SaaS Security - Google Workspace Footprint

After Activating Google Workspace (Gmail and Google Drive), Avanan automatically creates a Super Admin, host (mail route), inbound gateway, SMTP relay service, two user groups, and four content compliance rules.

Super Admin

While installing the Avanan Cloud Security app, a new Super Admin account is created in your Google Admin console.

The Super Admin has an email address in the cloud-sec-av@[domain] format and is sometimes referred to as the Avanan Service User. This user requires a Gmail license. For more details about the Super Admin role, see Pre-built administrator roles.

Super Admin Security

The password of the Super Admin contains 43 random characters, a mix of lower case letters, upper case letters, and digits.

You cannot change the password after the initial setup.

User Groups

After activating Google Workspace, Avanan automatically creates two user groups. You can review these user groups under Groups in your Google Admin console.

  • avanan_inline_policy
  • avanan_monitor_policy

Note - If you use GCDS (Google Cloud Directory Sync) to synchronize your user groups on-premises and in the cloud, the synchronization triggers the deletion of these two user groups. Though this will not impact the email delivery, Avanan cannot scan the emails, and no security events get generated.

Before activating Google Workspace, create two exclusion rules for the two user groups. Select the exclusion type as Group Email Address, match type as Exact Match, and the group email address should be in the groupname@[domain] format.
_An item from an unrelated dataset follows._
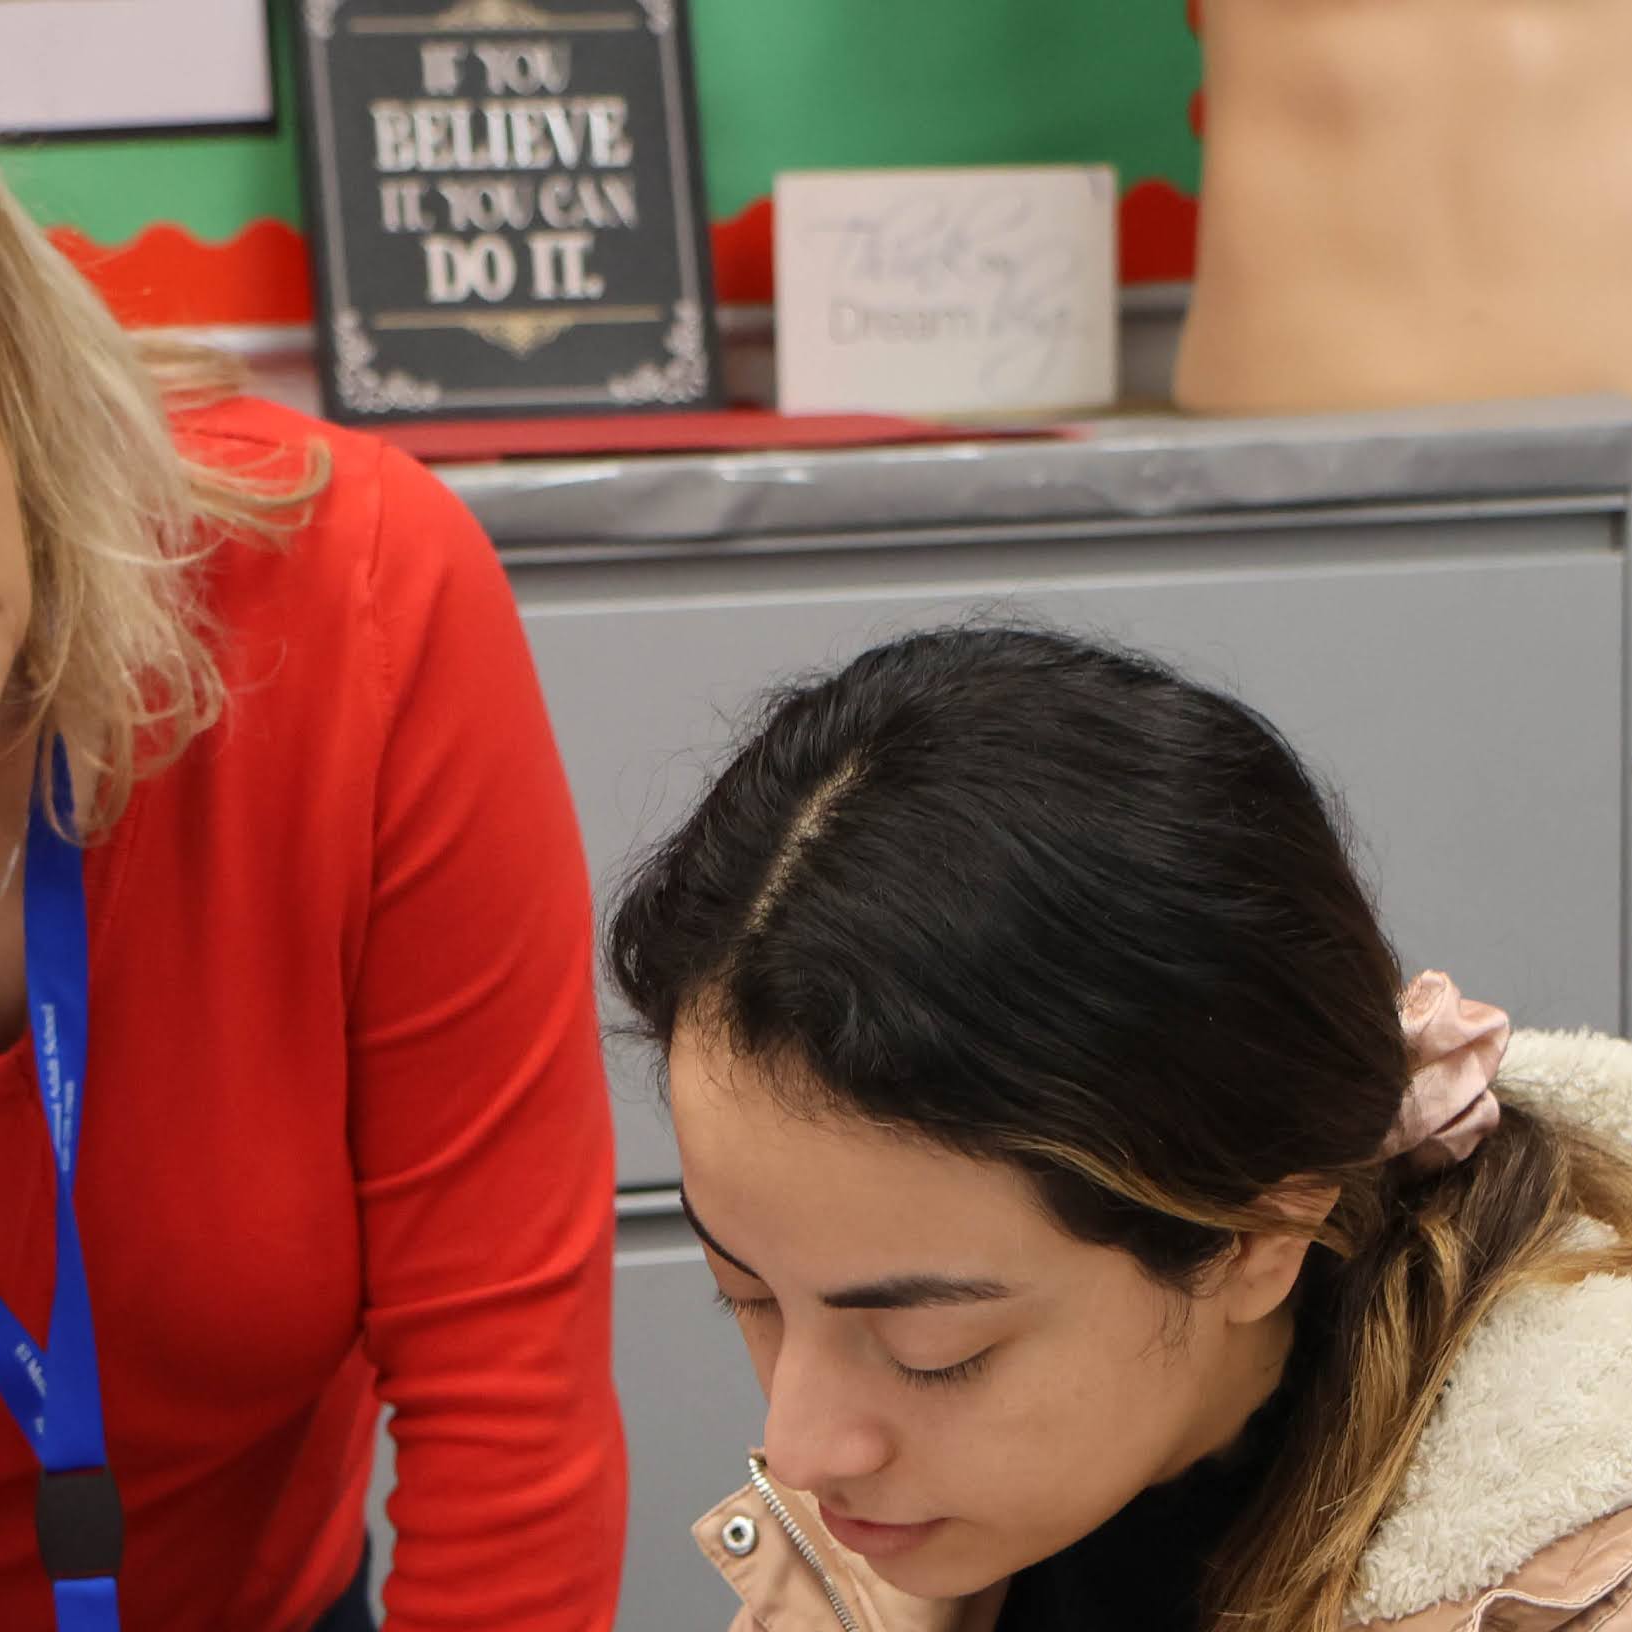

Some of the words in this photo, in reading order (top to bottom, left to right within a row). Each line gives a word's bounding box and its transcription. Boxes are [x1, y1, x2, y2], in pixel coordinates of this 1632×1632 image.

For example, the group email addresses should be avanan_inline_policy@mycompany.com and avanan_monitor_policy@mycompany.com, where mycompany is the name of your company.

Host

Avanan automatically creates a host (aka mail route) in your Google Admin console.

You can see the host from the Google Admin Console under Apps > G Suite > Settings for Gmail > Hosts.

gmail-hosts

Inbound Gateway

Avanan automatically creates an Inbound gateway. You can see the inbound gateway from the Google Admin console under Apps > G Suite > Settings for Gmail > Advanced Settings.
Note - In the Inbound gateway settings, you must select the Require TLS for connections from the email gateways listed above check-box.

google-console-inbound-gateways

SMTP Relay Service

Avanan automatically creates an SMTP relay service. You can see the SMTP relay service from your Google Admin console under Apps > G Suite > Settings for Gmail > Advanced Settings.

google-console-smtp-relay-service

Content Compliance Rules

Avanan automatically creates three Content Compliance Rules. You can review the content compliance rules from your Google Admin console under Apps > G Suite > Settings for Gmail > Advanced Settings.

The rules are called:

  • [tenantname]_monitor_ei
  • [tenantname]_monitor_ii
  • [tenantname]_monitor_eo
  • [tenantname]_inline_ei

where ei stands for incoming traffic, ii stands for internal traffic, and eo stands for outgoing traffic.

Note - The [tenantname]_inline_ei rule gets created when the Prevent (Inline) mode is enabled. If you remove the Prevent (Inline) mode for users in Avanan, the Content Compliance Rule remains in the Google Admin console but the content of the user group avanan_inline_rule gets updated to reflect that no users are protected in this mode.